> _YOUR TASK_: Images don't belong in the copy. Output the rest of the data exactly.

> _DATA TO EXAMINE_:
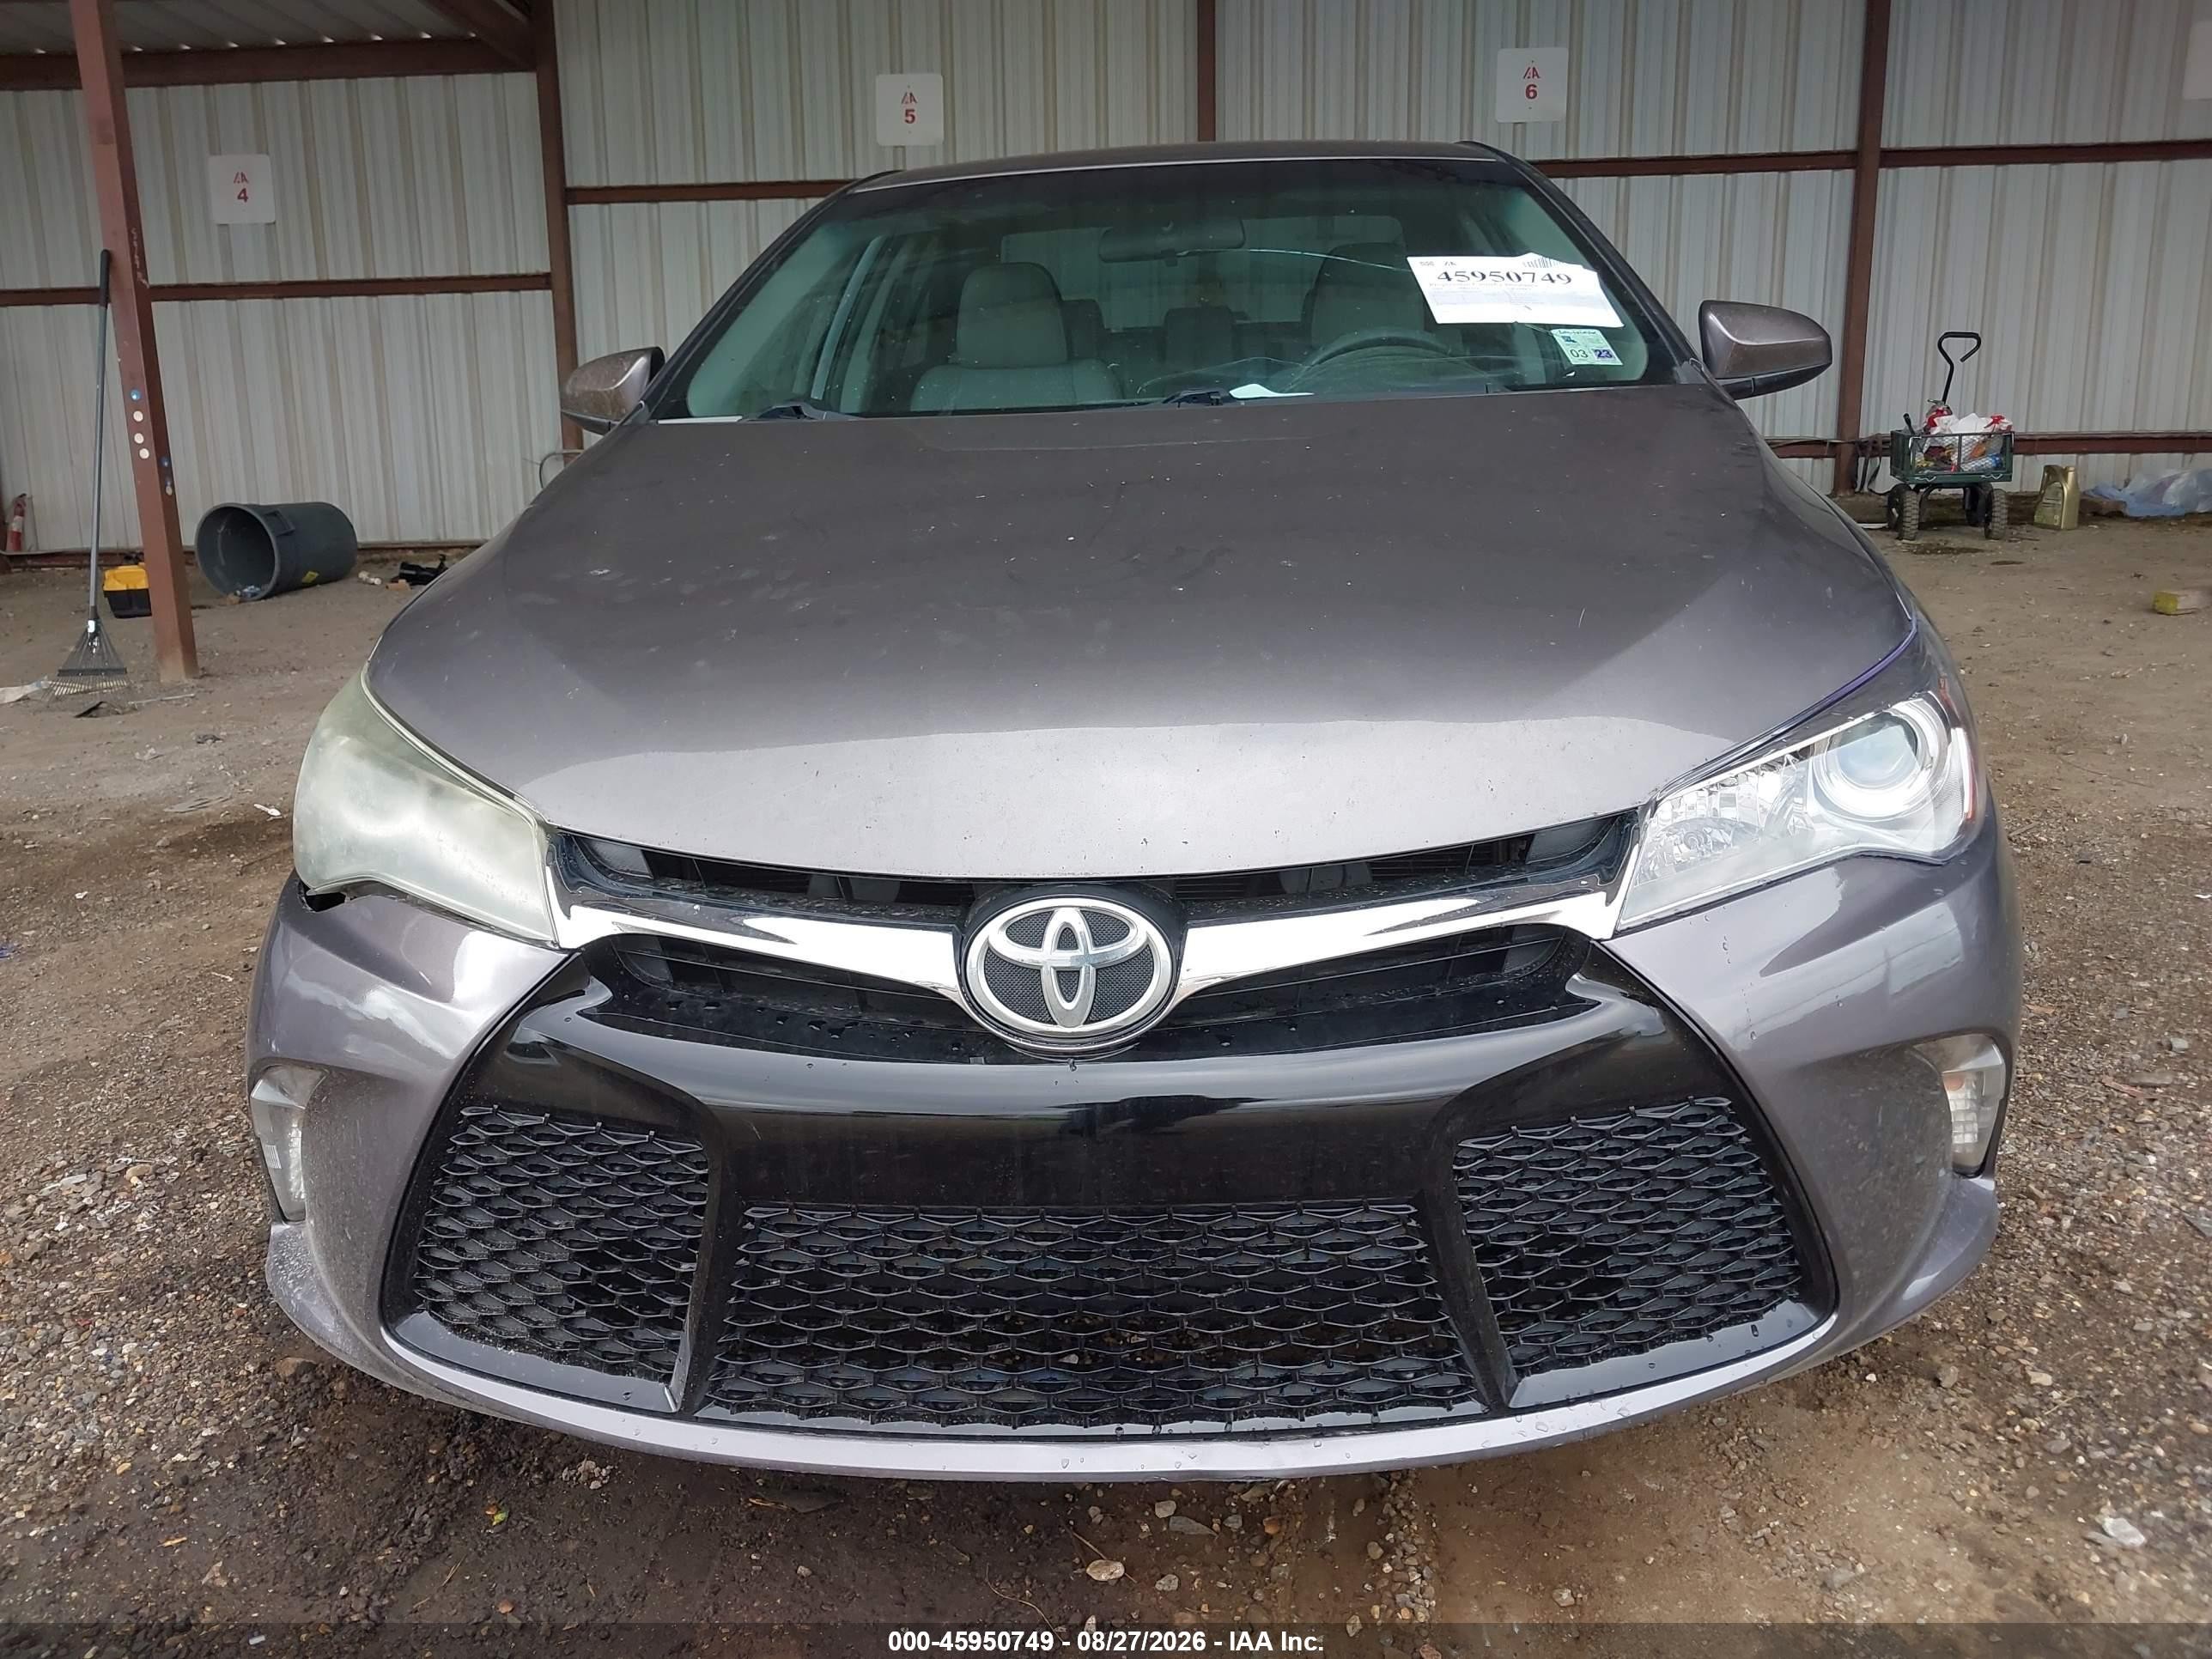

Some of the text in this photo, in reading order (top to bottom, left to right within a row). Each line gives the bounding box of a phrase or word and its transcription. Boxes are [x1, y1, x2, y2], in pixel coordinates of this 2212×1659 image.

[1525, 83, 1538, 100] 6
[904, 108, 915, 125] 5
[237, 187, 249, 203] 4
[1437, 270, 1572, 285] 45950749
[1570, 349, 1613, 359] 03 23

> _ANSWER BOX_:
Some of the text in this photo, in reading order (top to bottom, left to right within a row). Each line gives the bounding box of a phrase or word and its transcription. Boxes are [x1, y1, x2, y2], in pixel coordinates of this 2212×1659 image.

[1525, 83, 1538, 100] 6
[904, 108, 915, 125] 5
[237, 187, 249, 203] 4
[1437, 270, 1572, 285] 45950749
[1570, 349, 1613, 359] 03 23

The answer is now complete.